## YOUR ASSIGNMENT
The records below must be returned exactly, with every picture left out.

──────── RECORD EXCERPTS ────────

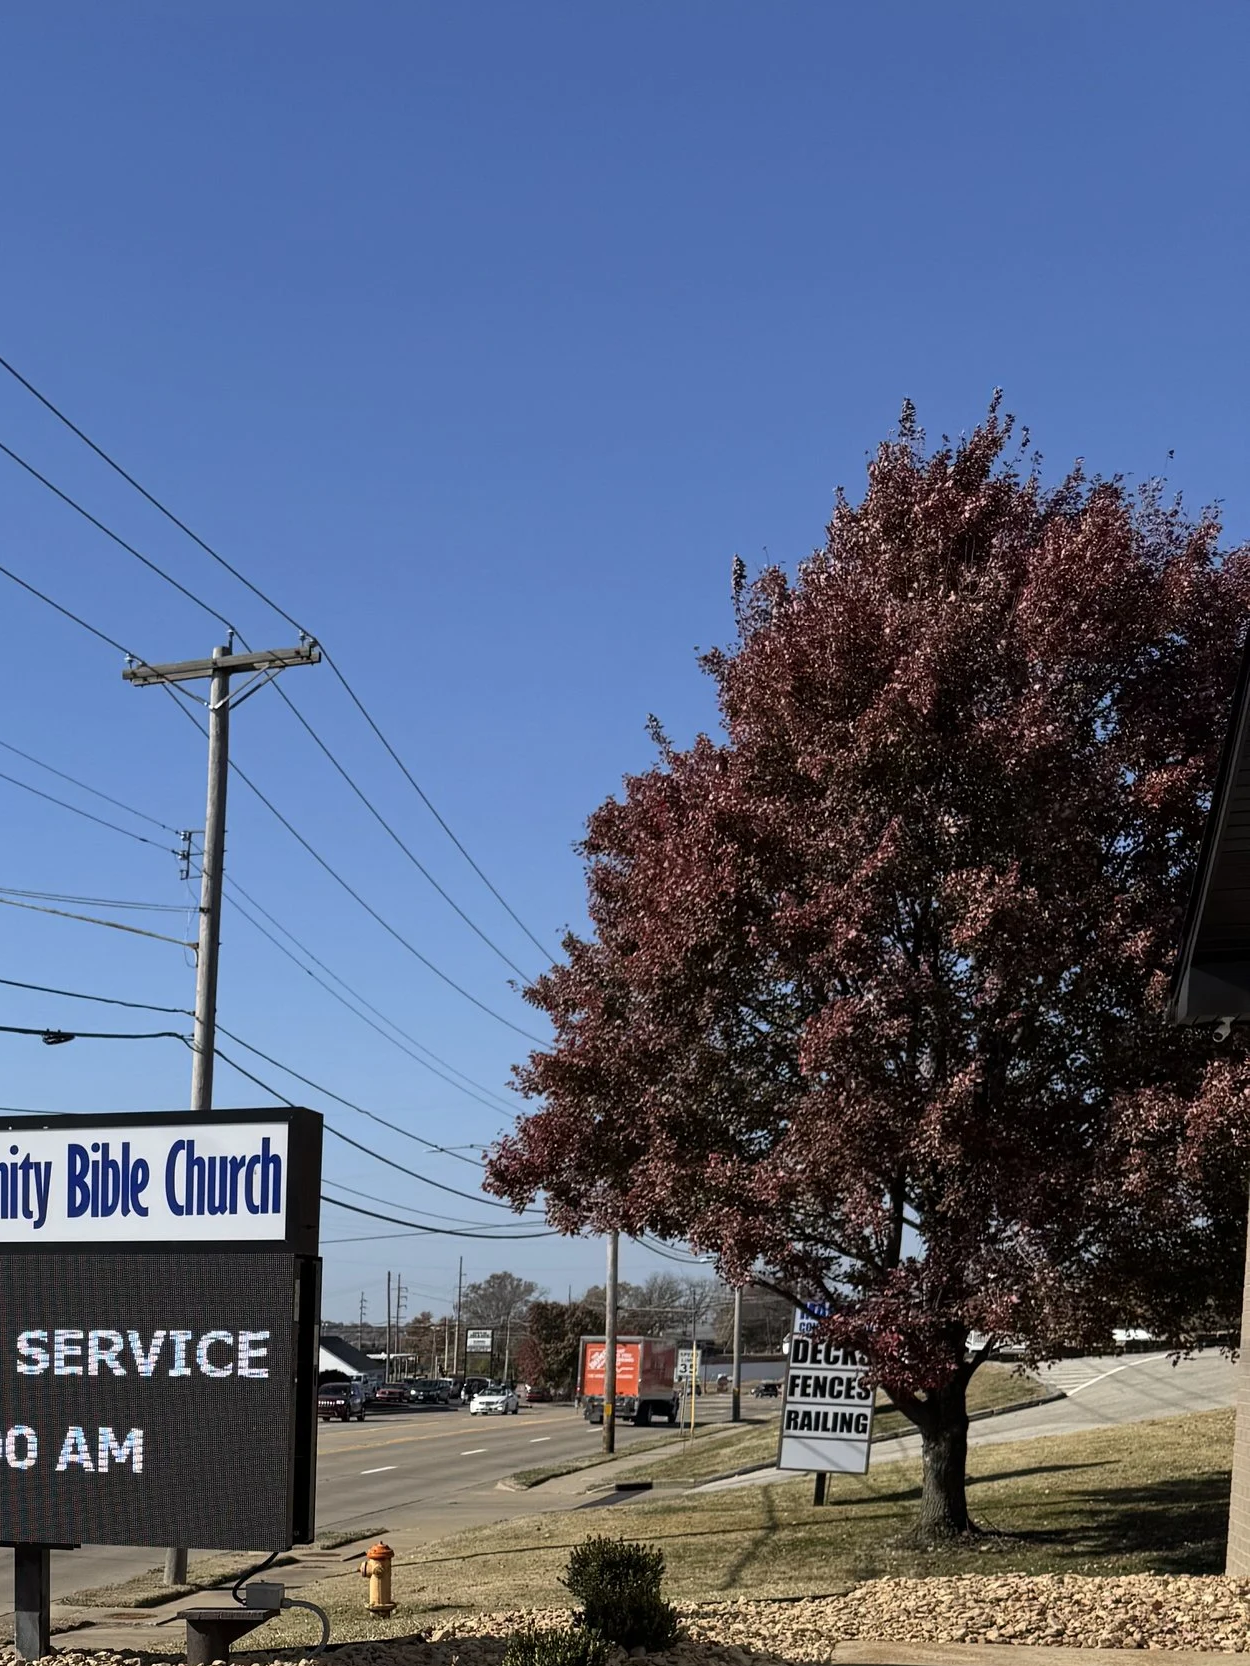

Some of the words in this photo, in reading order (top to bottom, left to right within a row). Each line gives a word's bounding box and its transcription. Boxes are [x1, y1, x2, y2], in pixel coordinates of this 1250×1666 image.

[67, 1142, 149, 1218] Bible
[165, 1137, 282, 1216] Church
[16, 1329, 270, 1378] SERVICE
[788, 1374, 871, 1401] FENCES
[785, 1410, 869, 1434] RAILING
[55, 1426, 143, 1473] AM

────────

## ANSWER BELOW
Some of the words in this photo, in reading order (top to bottom, left to right within a row). Each line gives a word's bounding box and its transcription. Boxes are [x1, y1, x2, y2], in pixel coordinates of this 1250×1666 image.

[67, 1142, 149, 1218] Bible
[165, 1137, 282, 1216] Church
[16, 1329, 270, 1378] SERVICE
[788, 1374, 871, 1401] FENCES
[785, 1410, 869, 1434] RAILING
[55, 1426, 143, 1473] AM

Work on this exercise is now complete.